RATIONALE: Smith-Magenis syndrome (SMS) is a microdeletion syndrome of chr. 17p11.2. The neurological phenotype in children includes self-injurious behaviors, sleep disturbance, speech delay, mental retardation and EEG abnormalities. Seizures are present in up to 30%. We evaluated the epilepsy phenotype in SMS and a genetically engineered mouse model.
METHODS: Prolonged EEGs in SMS patients were obtained during an overnight sleep study. Intracranial EEG in freely moving animals with the deletion and wildtype littermates was recorded during both wake and sleep.
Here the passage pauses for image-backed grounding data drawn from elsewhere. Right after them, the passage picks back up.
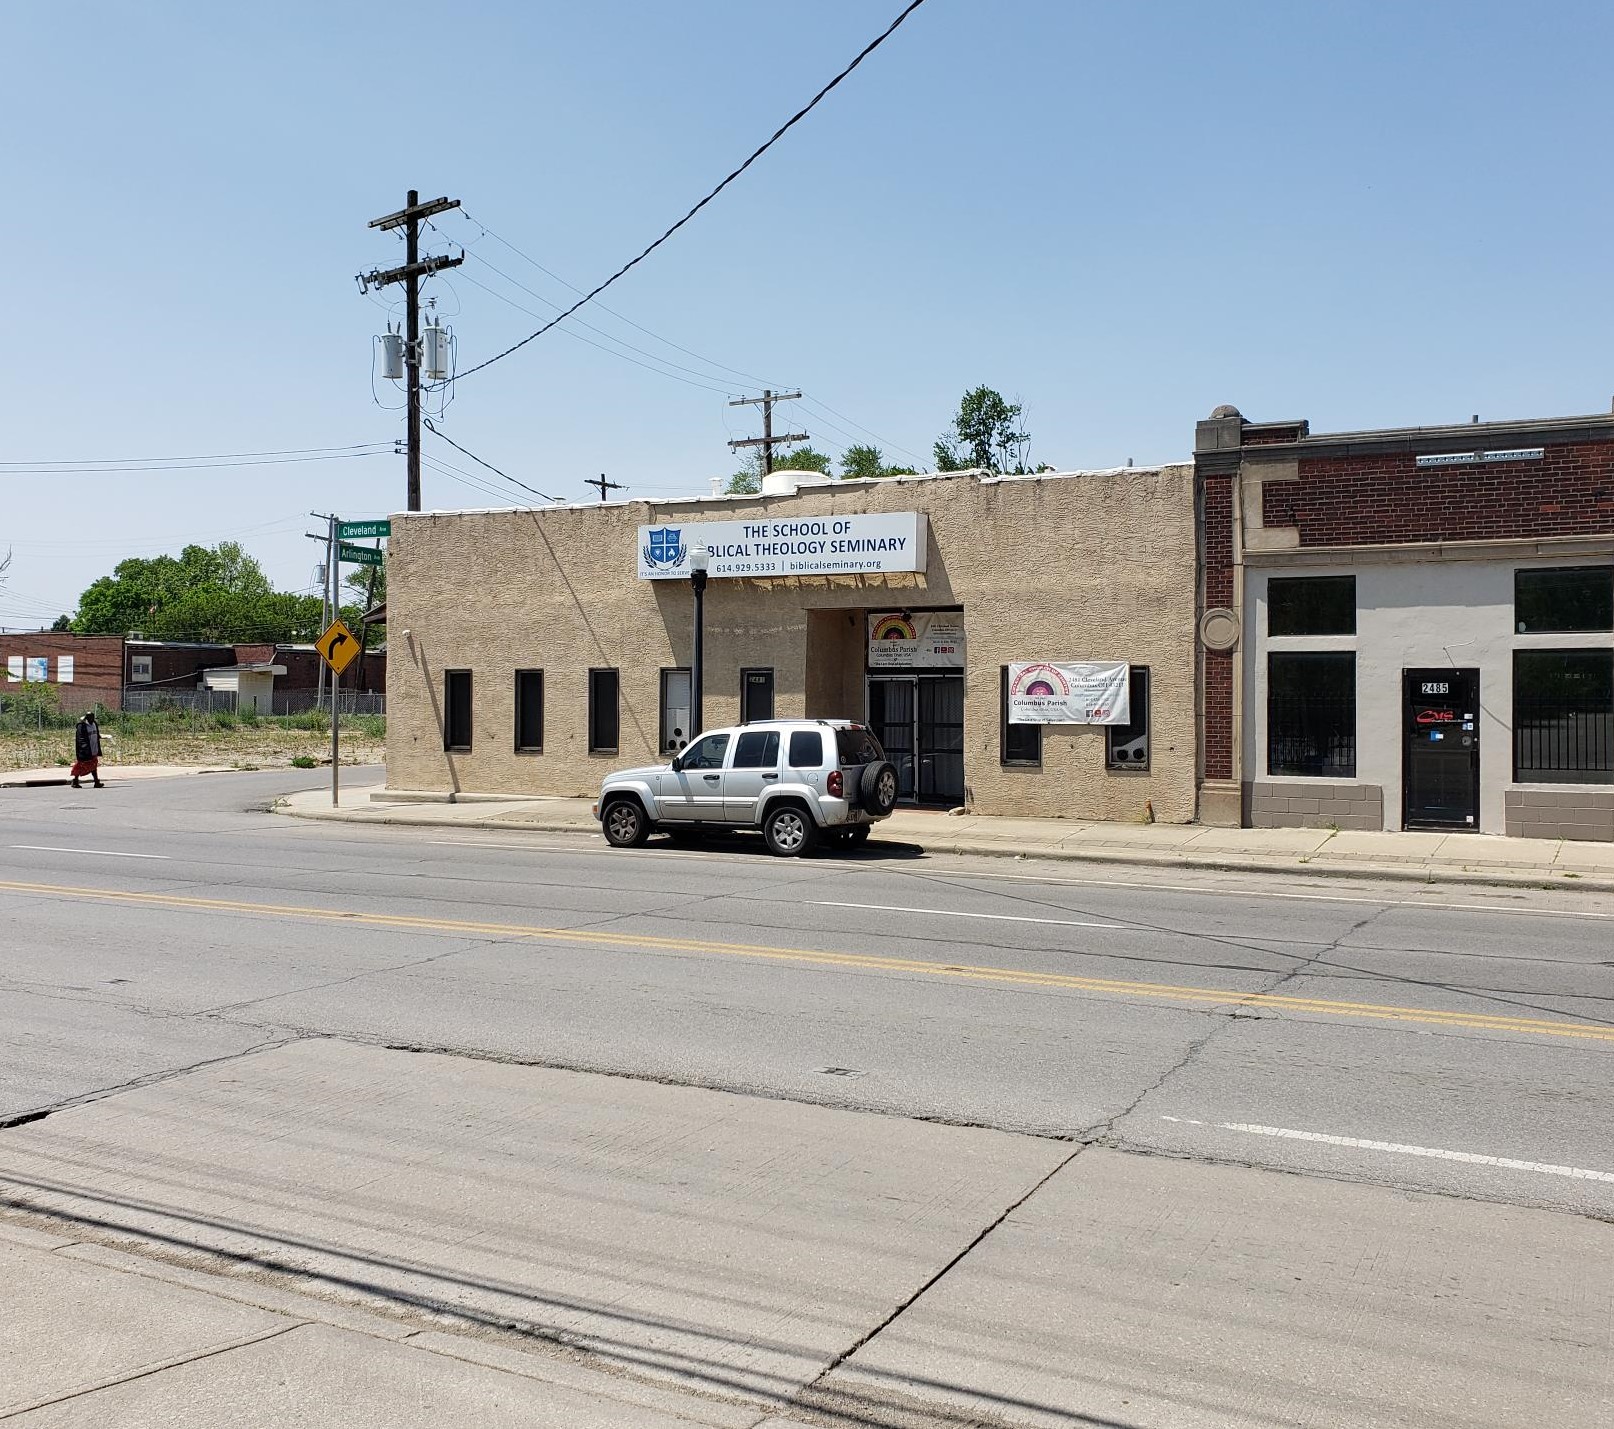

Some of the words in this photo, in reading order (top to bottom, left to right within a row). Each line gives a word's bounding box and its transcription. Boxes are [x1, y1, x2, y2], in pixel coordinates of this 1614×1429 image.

[342, 525, 377, 536] Cleveland
[743, 525, 769, 539] THE
[772, 522, 829, 537] SCHOOL
[832, 522, 851, 534] OF
[708, 544, 751, 558] BLICAL
[754, 541, 826, 556] THEOLOGY
[830, 538, 906, 553] SEMINARY
[341, 548, 372, 562] Arlington
[716, 562, 776, 573] 614.929.5333
[790, 560, 882, 570] biblicalseminary.org
[1422, 684, 1448, 692] 2485
RESULTS: We examined a cohort of 60 SMS patients. Of the 60, 29 (48.3%) had abnormal EEGs, 27 were epileptiform in nature. Focal abnormalities were found in 8/27 (29.6%), and 21/27 (77.8%) showed generalized epileptiform features, including various 2-4 cps spike and slow wave patterns in single waveforms or bursts up to several seconds in duration. Seizures were reported by parents in 11 (18.3%), and included absence (7/11), generalized tonic-clonic (4/11) and drop attacks (2/11), but not febrile seizures. Half of these (54.5%) showed abnormal EEGs. When noted, seizures were reported to be infrequent.
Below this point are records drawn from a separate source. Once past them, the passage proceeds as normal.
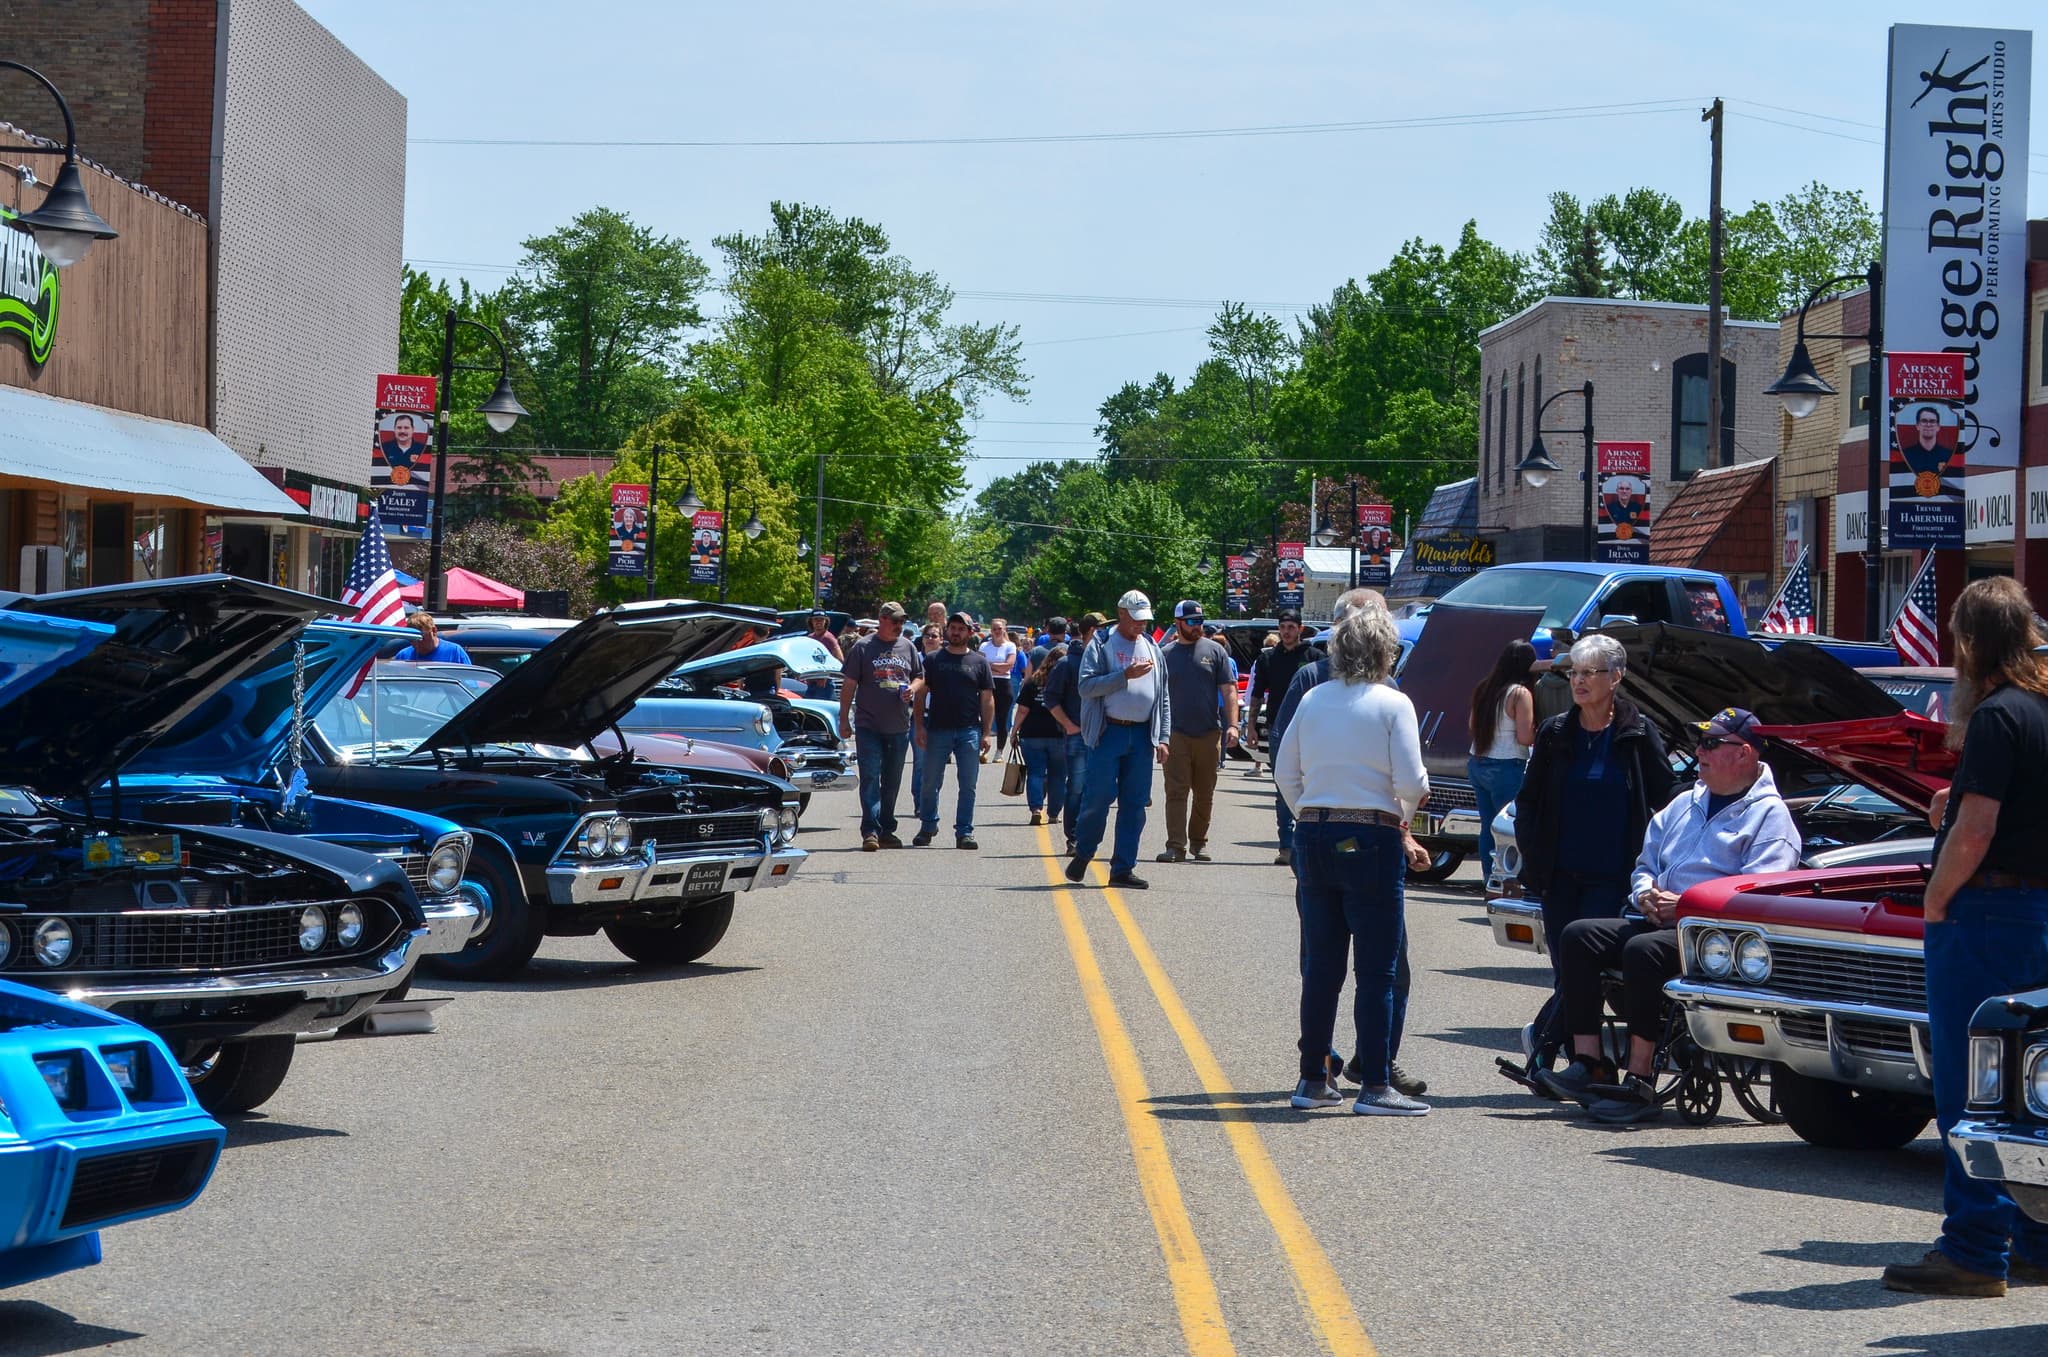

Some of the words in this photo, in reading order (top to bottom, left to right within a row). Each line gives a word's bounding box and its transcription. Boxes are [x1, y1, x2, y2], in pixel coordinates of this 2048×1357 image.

[1993, 40, 2006, 99] STUDIO
[1991, 101, 2004, 138] ARTS
[1986, 186, 2001, 297] PERFORMING
[1899, 363, 1953, 374] ARENAC
[384, 383, 427, 392] ARENAC
[1903, 379, 1948, 388] FIRST
[387, 394, 423, 404] FIRST
[381, 401, 430, 409] RESPONDERS
[1604, 449, 1642, 457] ARENAC
[1607, 459, 1640, 467] FIRST
[381, 494, 417, 507] YEALEY
[1915, 504, 1941, 512] TREVOR
[1846, 511, 1867, 540] DANCE
[1986, 494, 2013, 528] VOCAL
[1900, 512, 1957, 523] HABERMEHL
[1416, 536, 1494, 567] Marigolds
[1608, 549, 1640, 559] IRLAND
[699, 824, 714, 834] SS
[692, 870, 720, 879] BLACK
[688, 881, 720, 891] BETTY
Human chr. 17p11.2 is syntenic to the 32-34 cM region of murine chr. 11. Utilizing chromosomal engineering, we deleted a region on mouse chr. 11 that spans the syntenic region for the most commonly deleted interval in humans in order to generate a mouse model for SMS. In the F1 background (50% C57BL/6-Tyr c-Brd/50% 129S5/SvEvBrd) 8/27 deletion mutants had witnessed seizures. On a background of 75%/25% only 3/21 (14.3%) had seizures. Seizures occurred between the age of four weeks to 6 months and occurred infrequently. All witnessed seizures were generalized tonic clonic. We studied the EEG in freely moving animals with the deletion (n=5), and in wildtype littermates (n=3). Waking and sleep background activity appeared normal in all animals. Of the five mice recorded, witnessed seizures had occurred in two prior to recording. Bilaterally synchronous spike and slow wave activity occurred in 4/5 and generalized tonic clonic seizures occurred in 2/5. Of those with seizures, one had occasional myoclonic jerks without a clear EEG signature. Spike and wave activity occurred in singlets and occasional doublets; rare polyspikes were seen. In a recorded seizure, single spikes progressed to polyspike bursts of increasing duration which coincided with tail extension. Subsequently, a generalized seizure ensued with continuous spike and wave activity lasting 23 seconds, followed by post-ictal depression.
CONCLUSIONS: Epilepsy is a frequent component of SMS. In our study, nearly one-half of patients with SMS have abnormal EEGs, the majority of which show generalized spike and slow wave variants, however, the epileptiform EEG abnormalities do not correlate well with seizure history, which was positive in 11/60. We identified epilepsy in 14-29% (strain-dependent) of mice deleted for the syntenic region of SMS. Seizures were infrequent, but showed generalized features. Multiple genes are deleted in SMS. It is unclear which of these may underlie paroxysmal EEG activity and seizures. None of the genes identified within the commonly deleted region have a currently known role in epilepsy. This mouse model will be useful in characterizing the contribution of specific genes to the epilepsy of SMS.
[Supported by: NIH 1PO1CA75719 (JRL), 29709 (JLN) and T32-NS07399-04.]